PUBLISHED:January 19, 2017

Roady ’76 tackles pressing environmental issues with new appointments at Duke Law and Nicholas Institute

Prof. Steve RoadySteve Roady ’76 brings a wealth of environmental law and policy experience to his new joint appointment at Duke Law School and Duke’s Nicholas Institute for Environmental Policy Solutions.

As a professor of the practice of law on the Law School’s governing faculty and a faculty fellow at the Nicholas Institute, Roady, who has taught Environmental Litigation and Ocean and Coastal Law and Policy as a senior lecturing fellow at the Law School since 2003, continues to teach. He also is working to create interdisciplinary teams to examine approaches to large-scale environmental problems.

“Providing clean drinking water on a mass scale, limiting nitrogen emissions from agriculture, these types of large-scale environmental issues could be a focus,” said Roady, who has enjoyed a long career as an environmental lawyer at Earthjustice (formerly the Sierra Club Legal Defense Fund). “The idea is to identify these problems and then try to bring the brainpower available at the university to bear, tapping into different institutes, initiatives, and schools for relevant expertise.”

“The joint hire of Steve Roady by the Nicholas Institute and Duke Law School, supported by the provost, is a strategic move that builds on the university’s historic strength in environmental law and policy,” said Dean David F. Levi. Roady also works in the Environmental Law and Policy Clinic and will teach in the Law School’s Duke in D.C. program.

“With his national reputation and broad knowledge of environmental law and advocacy, Steve brings new and important opportunities to our environmental law programs, faculty, and students,” Levi said.

Initially focused on ocean-related litigation and policy at Earthjustice, Roady pioneered innovative litigation strategies to preserve ocean resources. He went on to litigate precedent-setting cases that protect water resources and improve the nation’s air quality.

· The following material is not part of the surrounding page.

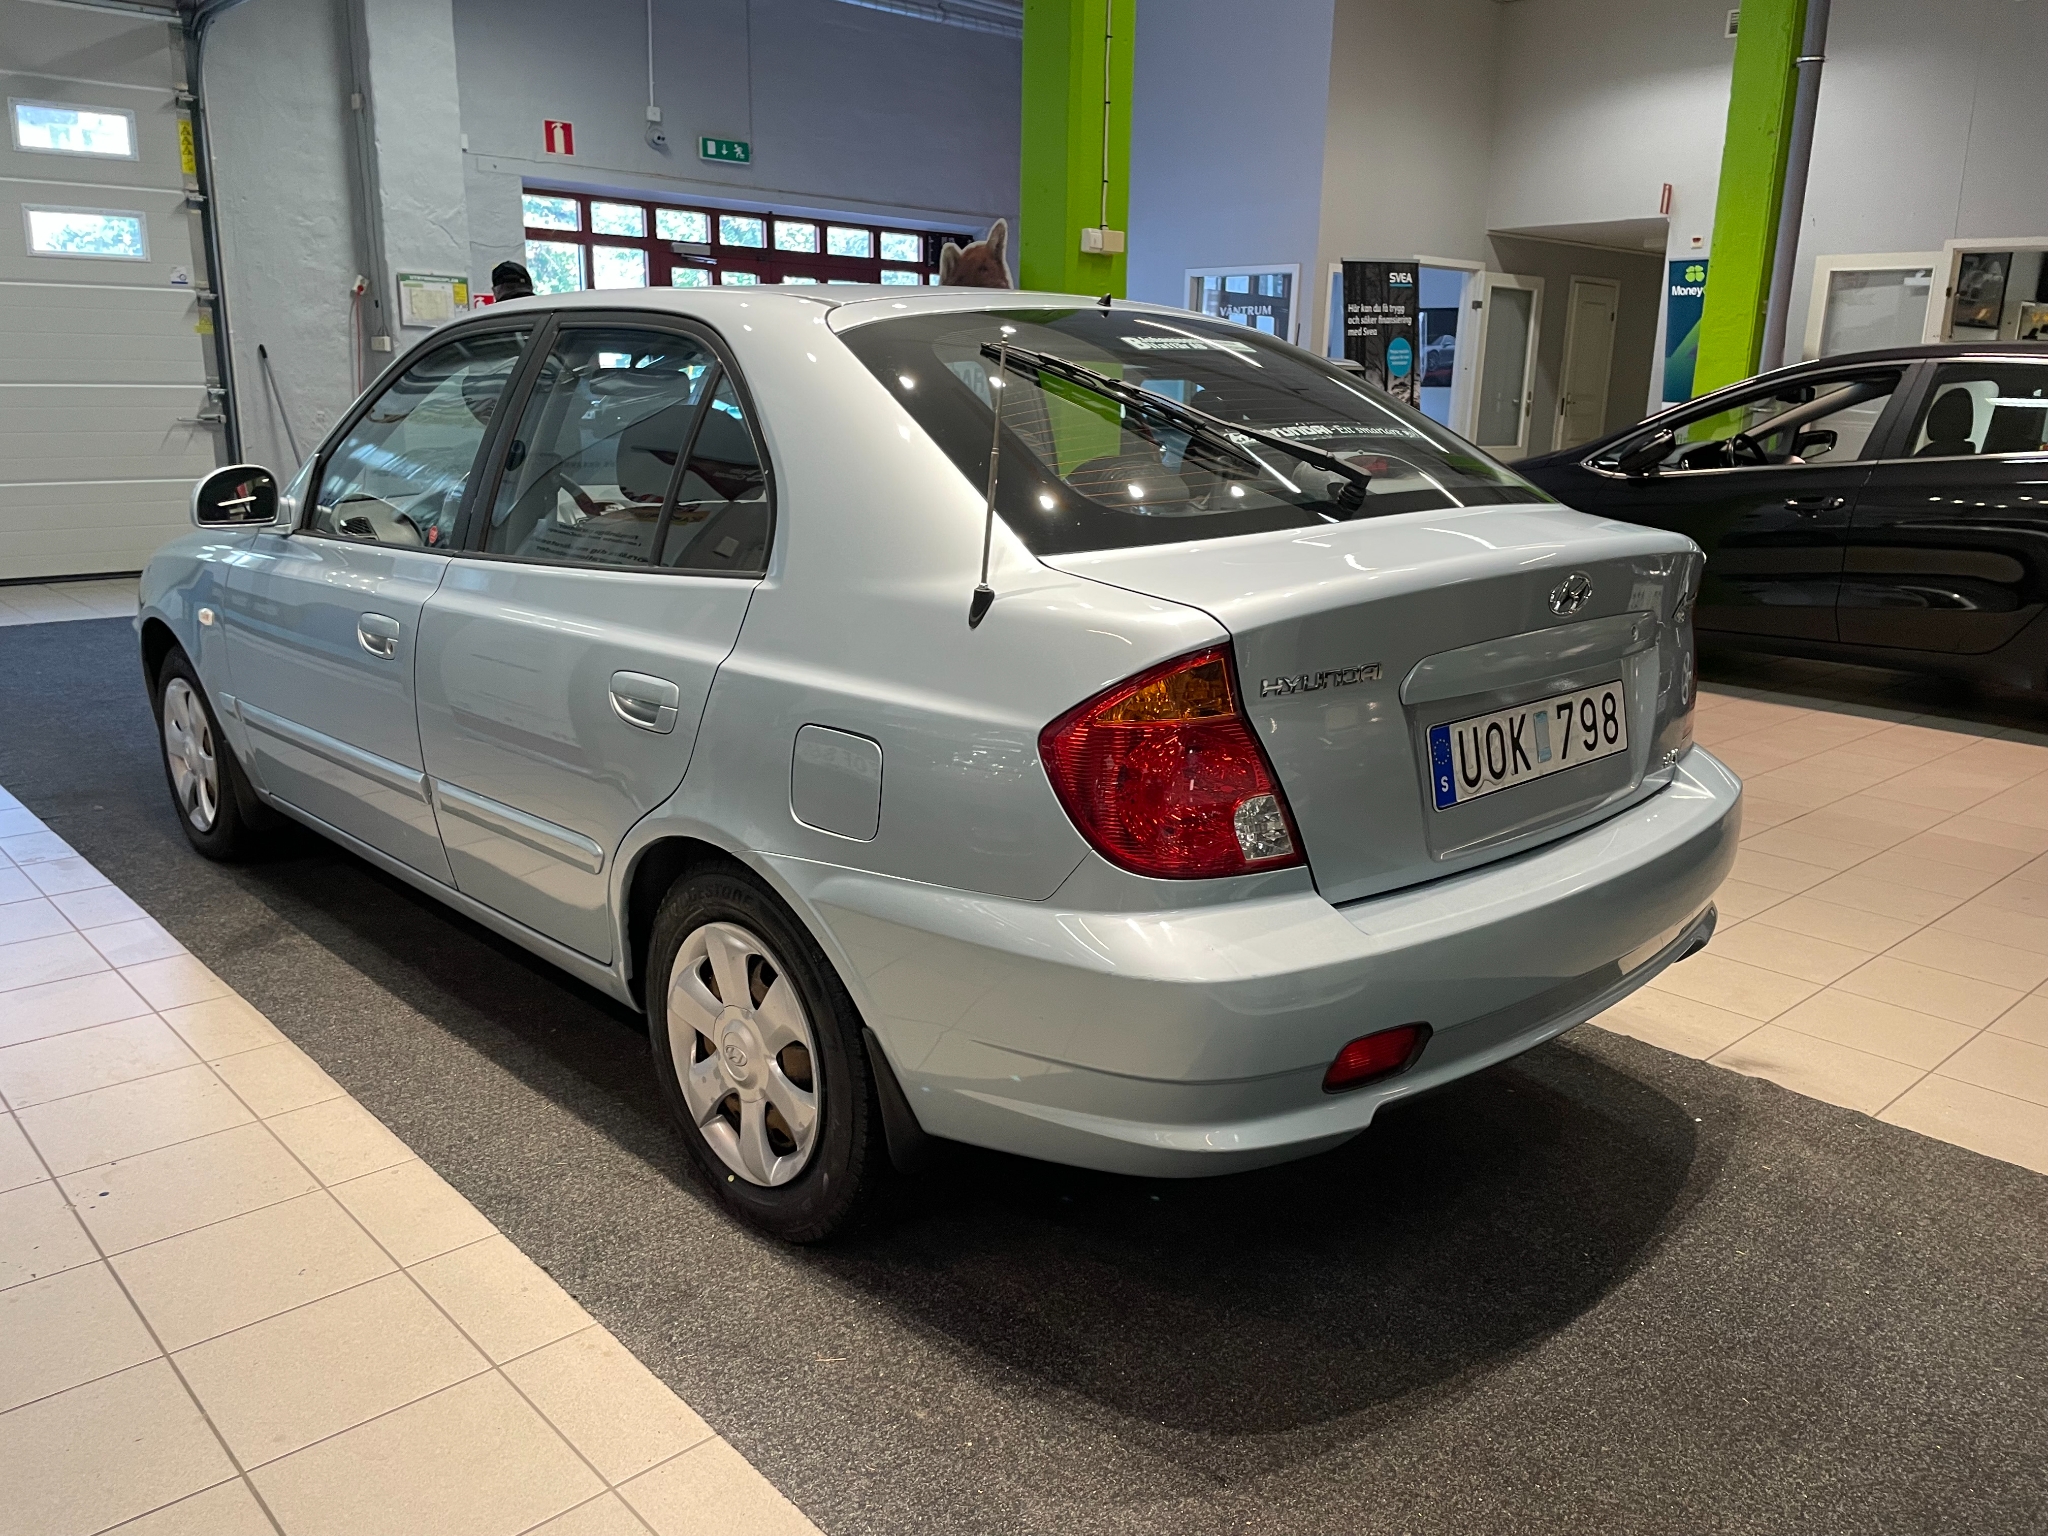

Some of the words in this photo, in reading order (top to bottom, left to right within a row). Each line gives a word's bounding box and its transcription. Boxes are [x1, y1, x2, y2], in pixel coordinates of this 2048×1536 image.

More recently, he has been pursuing cases designed to protect coral reefs, and to prevent the mountains and streams of southern West Virginia from being destroyed by mountaintop removal coal mining.

“Very few have the breadth and depth of environmental law and policy experience that Steve Roady possesses,” said Nicholas Institute Director Tim Profeta ’97. “He has not only seen, but been involved in, the creation of many important environmental policies throughout history, and brings an unparalleled knowledge of the debates and the stakeholders to Duke. I look forward to his leadership on efforts at the Nicholas Institute to tackle new and challenging environmental problems.”

From 1998 to 2000, Roady was the director of the Ocean Law Project, an initiative that employed litigation and negotiation to ensure that the U.S. government conserved ocean resources, including fisheries, marine mammals, sea turtles, and Roady ’76 tackles pressing environmental issues with new appointments at Duke Law and Nicholas Institute ocean ecosystems. During 2001 and 2002, he was the first president of Oceana, a nonprofit international ocean conservation organization dedicated to protecting life in the sea through public education, advocacy, communications, science, and litigation.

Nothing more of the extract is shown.